*Exercise goal*. In the copy you make, keep each entry exactly as it is and leave out all images.
-- Data to use follows --
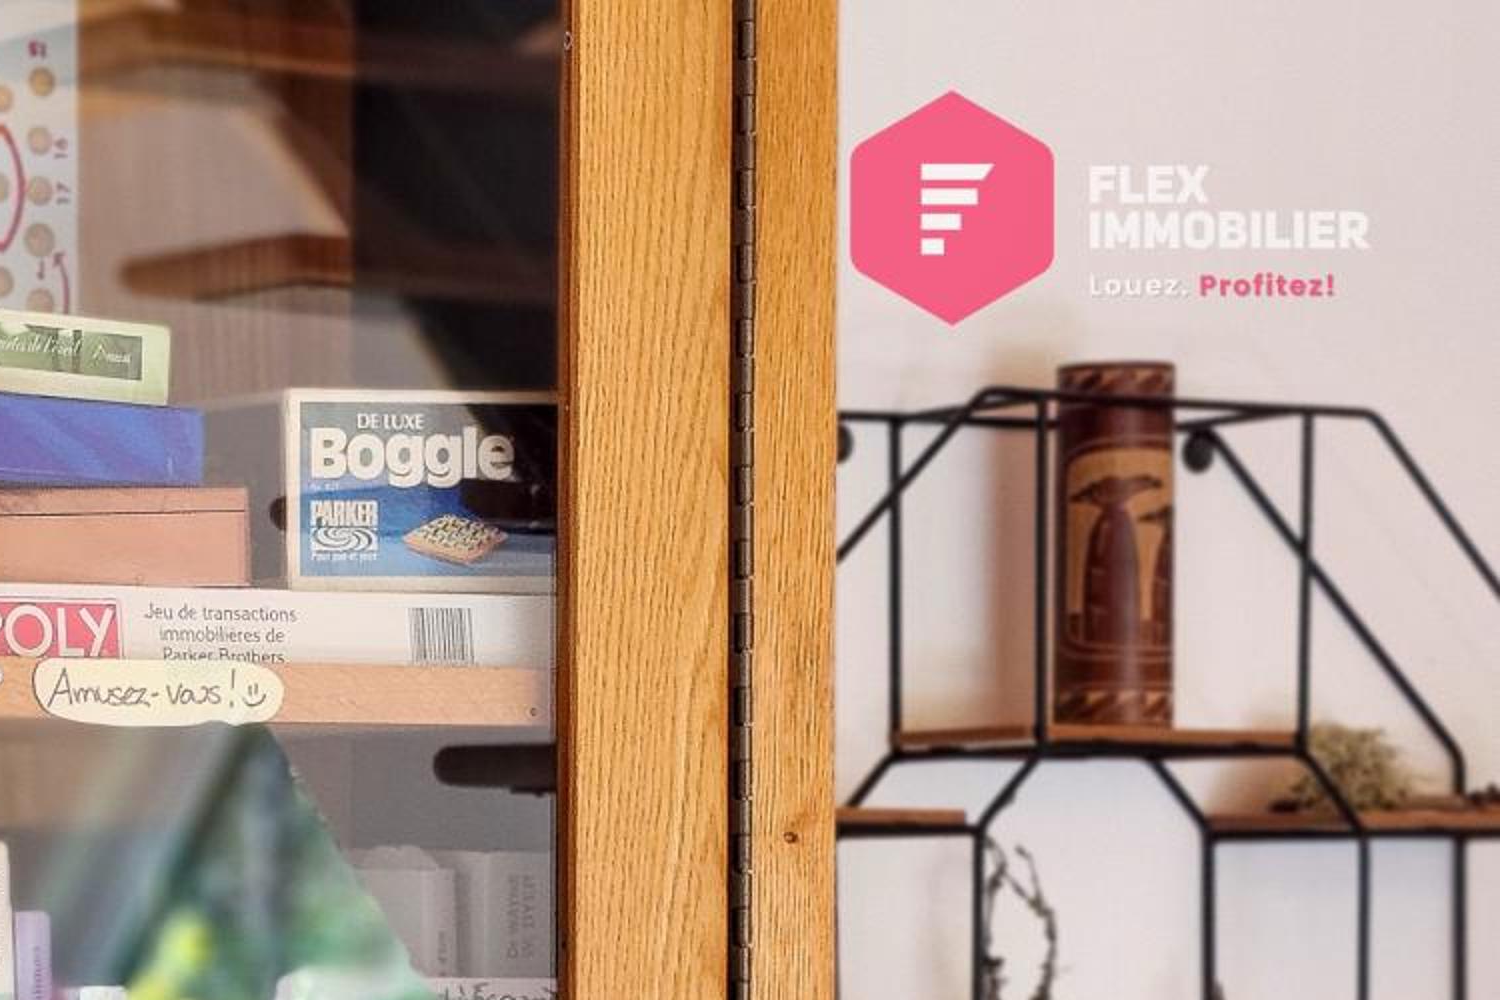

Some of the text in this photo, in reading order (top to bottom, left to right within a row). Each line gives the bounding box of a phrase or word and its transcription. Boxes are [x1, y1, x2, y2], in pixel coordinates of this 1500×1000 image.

[357, 413, 425, 430] DE LUXE
[310, 425, 516, 488] Boggle
[311, 500, 378, 527] PARKER
[144, 601, 298, 623] Jeu de transactions
[265, 627, 286, 643] de
[219, 647, 287, 665] Brothers
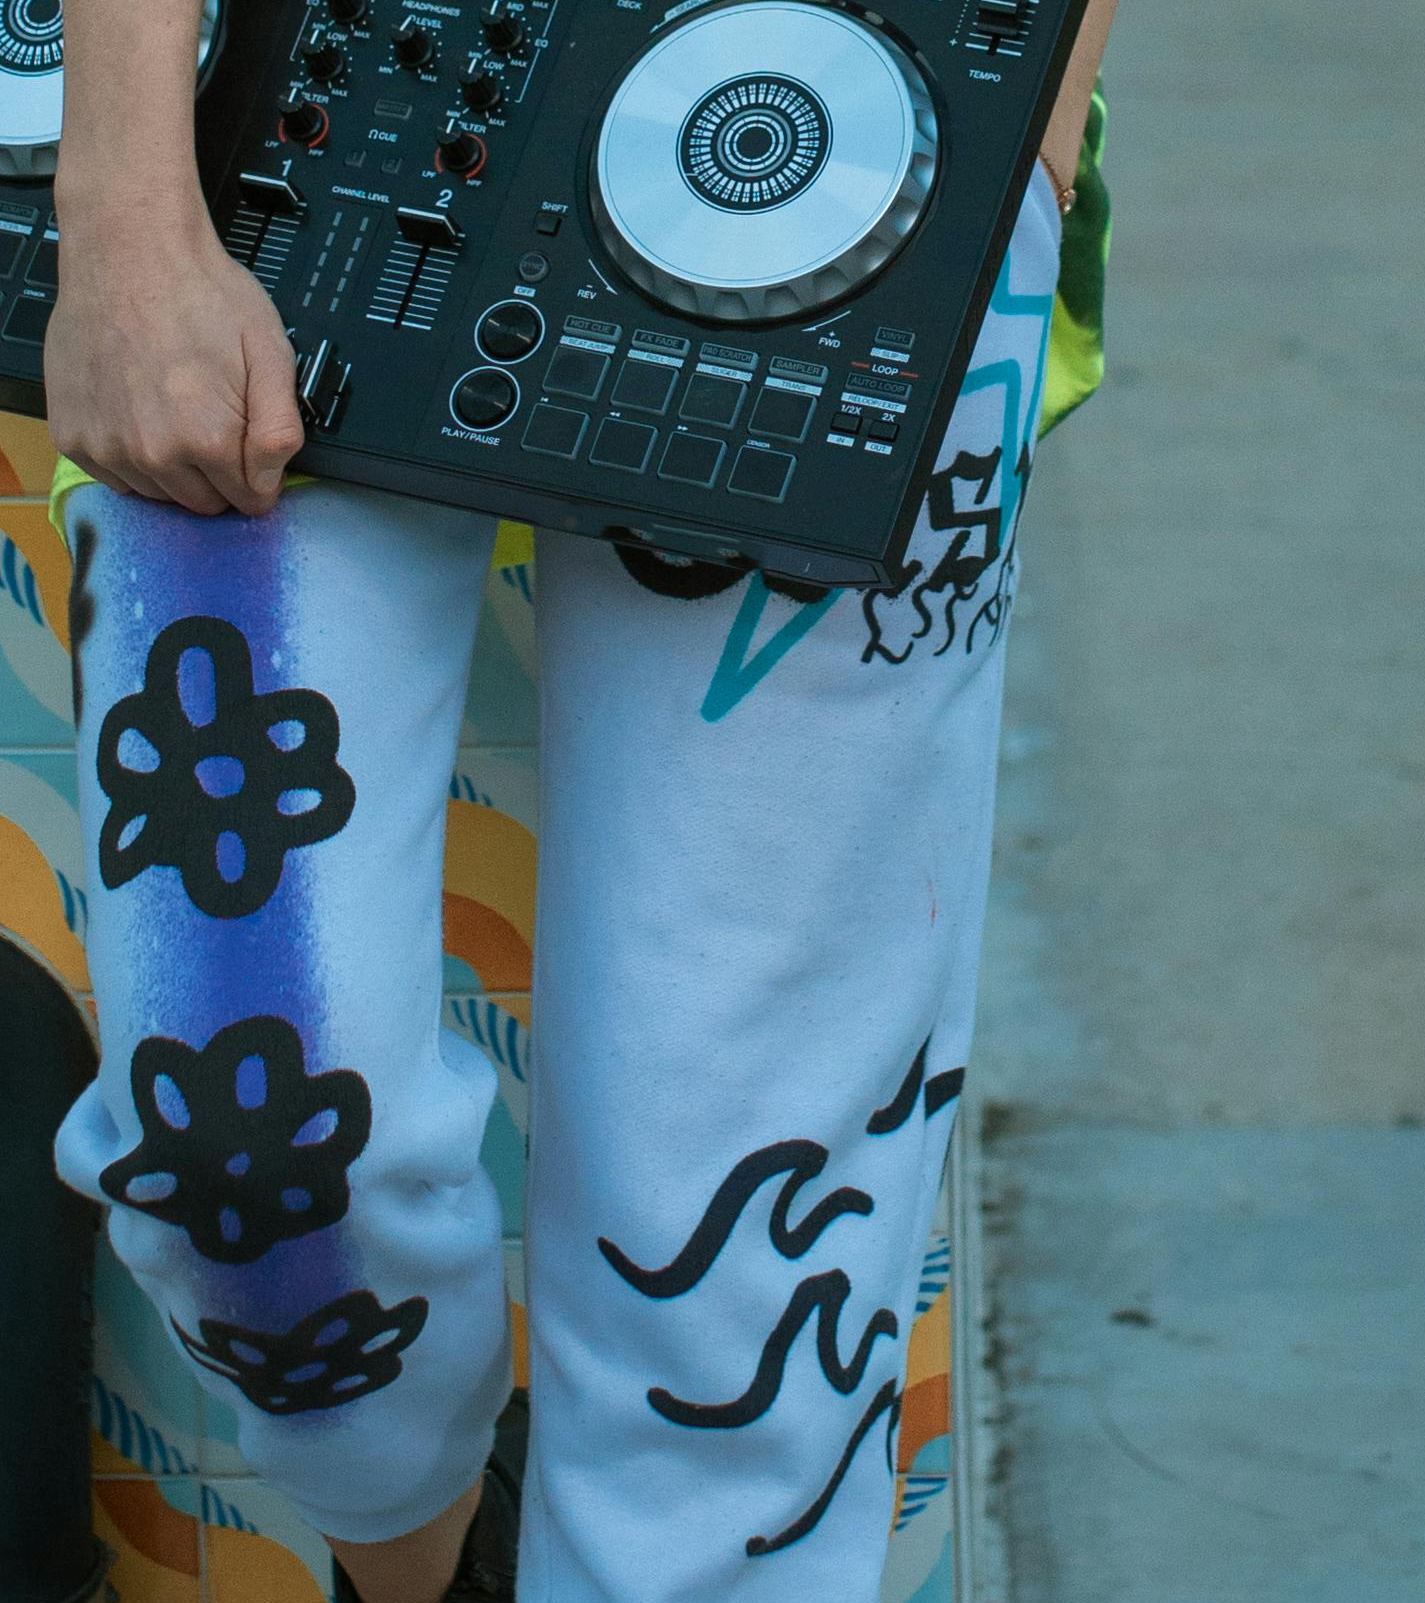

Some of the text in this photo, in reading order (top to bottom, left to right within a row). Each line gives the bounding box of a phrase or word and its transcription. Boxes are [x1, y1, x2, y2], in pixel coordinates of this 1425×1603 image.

[401, 0, 461, 18] HEADPHONES
[507, 1, 524, 11] MID
[416, 17, 443, 29] LEVEL
[326, 31, 348, 42] LOW
[353, 30, 371, 39] MAX
[378, 66, 393, 75] MIN
[483, 60, 505, 71] LOW
[420, 74, 438, 83] MAX
[968, 69, 1001, 82] TEMPO
[331, 87, 348, 97] MAX
[488, 118, 506, 127] MAX
[378, 132, 398, 142] CUE
[282, 159, 292, 177] 1
[331, 185, 390, 204] CHANNEL LEVEL
[435, 189, 453, 208] 2
[541, 201, 568, 213] SHIFT
[577, 289, 597, 300] REV
[570, 319, 612, 334] HOT CUE
[640, 333, 680, 348] FX FADE
[818, 337, 841, 348] FWD
[719, 348, 752, 362] SCRATCH
[775, 359, 820, 376] SAMPLER
[872, 364, 899, 376] LOOP
[851, 377, 906, 393] AUTO LOOP
[841, 404, 862, 415] 1/2X
[882, 413, 896, 422] 2X
[441, 426, 501, 446] PLAY/PAUSE
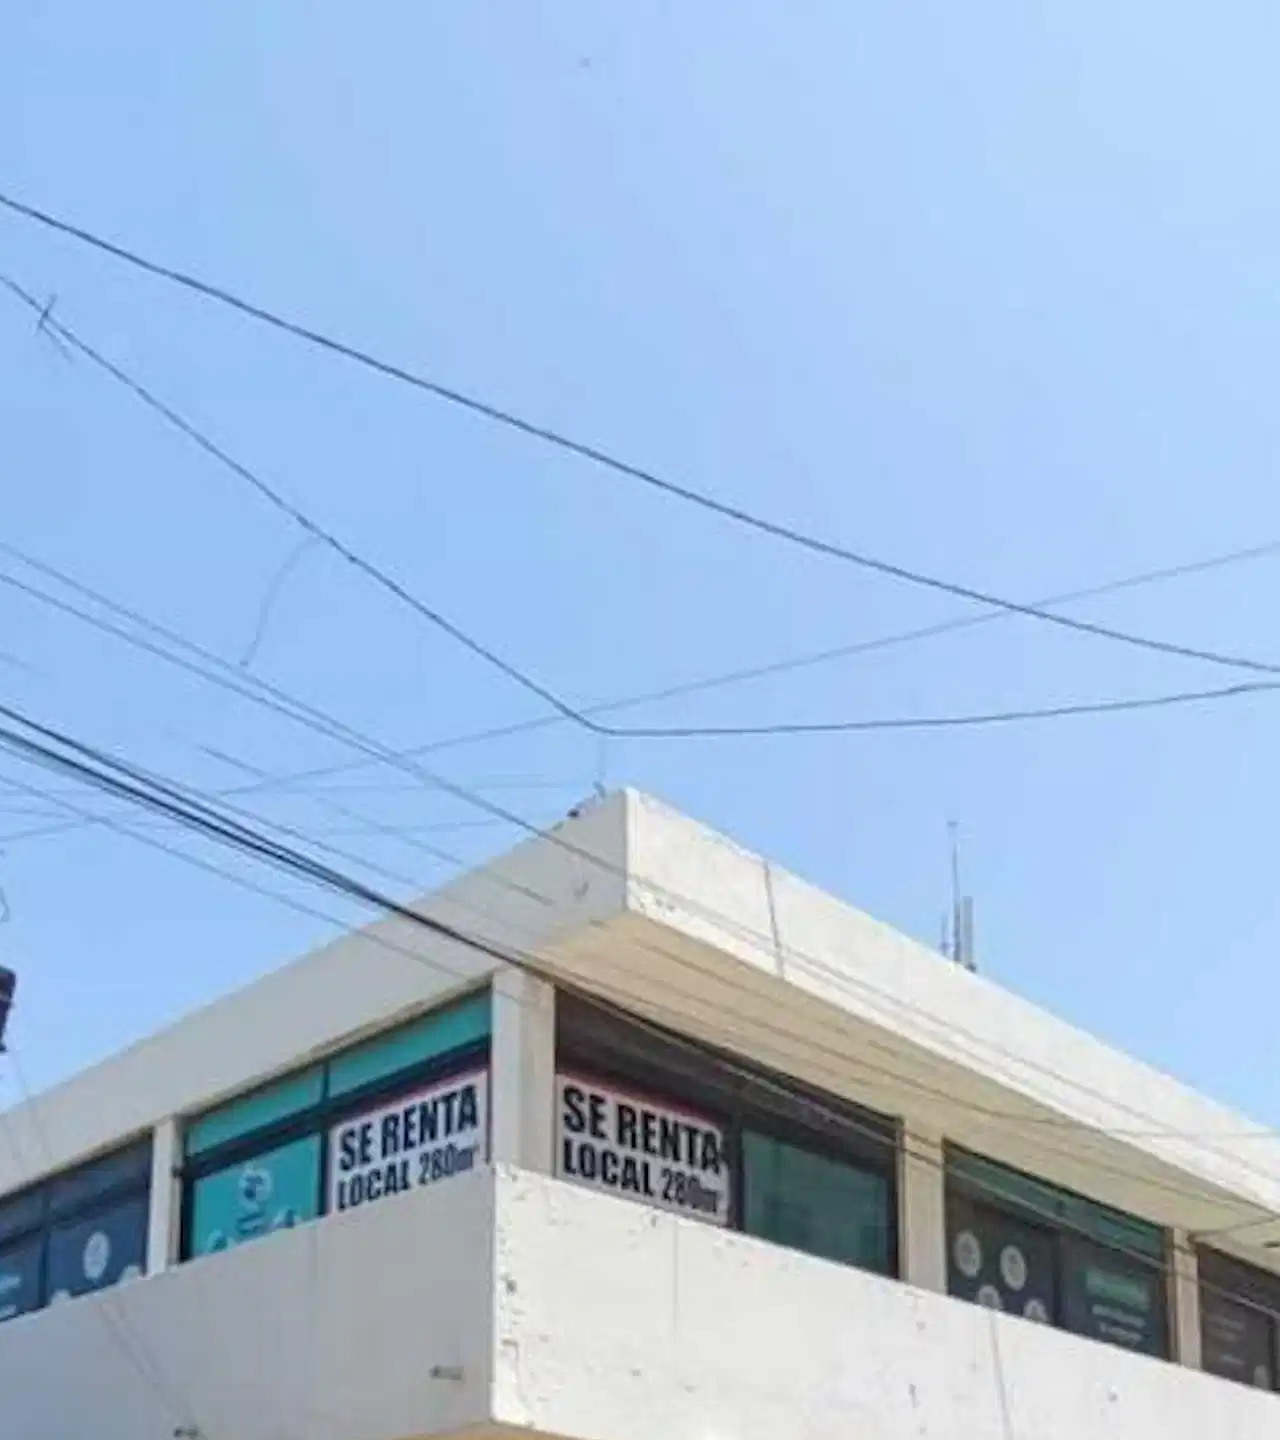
-- Data to use concluded --
*Task output*.
Some of the text in this photo, in reading order (top to bottom, left to right within a row). Each line gives the bounding box of a phrase or word and its transcription. Boxes are [x1, y1, x2, y2], in pixel coordinates of this 1500×1000 image.

[357, 413, 425, 430] DE LUXE
[310, 425, 516, 488] Boggle
[311, 500, 378, 527] PARKER
[144, 601, 298, 623] Jeu de transactions
[265, 627, 286, 643] de
[219, 647, 287, 665] Brothers

Some of the text in this photo, in reading order (top to bottom, left to right within a row). Each line gives the bounding box of a phrase or word and its transcription. Boxes are [x1, y1, x2, y2], in pixel coordinates of this 1425×1603 image.

[401, 0, 461, 18] HEADPHONES
[507, 1, 524, 11] MID
[416, 17, 443, 29] LEVEL
[326, 31, 348, 42] LOW
[353, 30, 371, 39] MAX
[378, 66, 393, 75] MIN
[483, 60, 505, 71] LOW
[420, 74, 438, 83] MAX
[968, 69, 1001, 82] TEMPO
[331, 87, 348, 97] MAX
[488, 118, 506, 127] MAX
[378, 132, 398, 142] CUE
[282, 159, 292, 177] 1
[331, 185, 390, 204] CHANNEL LEVEL
[435, 189, 453, 208] 2
[541, 201, 568, 213] SHIFT
[577, 289, 597, 300] REV
[570, 319, 612, 334] HOT CUE
[640, 333, 680, 348] FX FADE
[818, 337, 841, 348] FWD
[719, 348, 752, 362] SCRATCH
[775, 359, 820, 376] SAMPLER
[872, 364, 899, 376] LOOP
[851, 377, 906, 393] AUTO LOOP
[841, 404, 862, 415] 1/2X
[882, 413, 896, 422] 2X
[441, 426, 501, 446] PLAY/PAUSE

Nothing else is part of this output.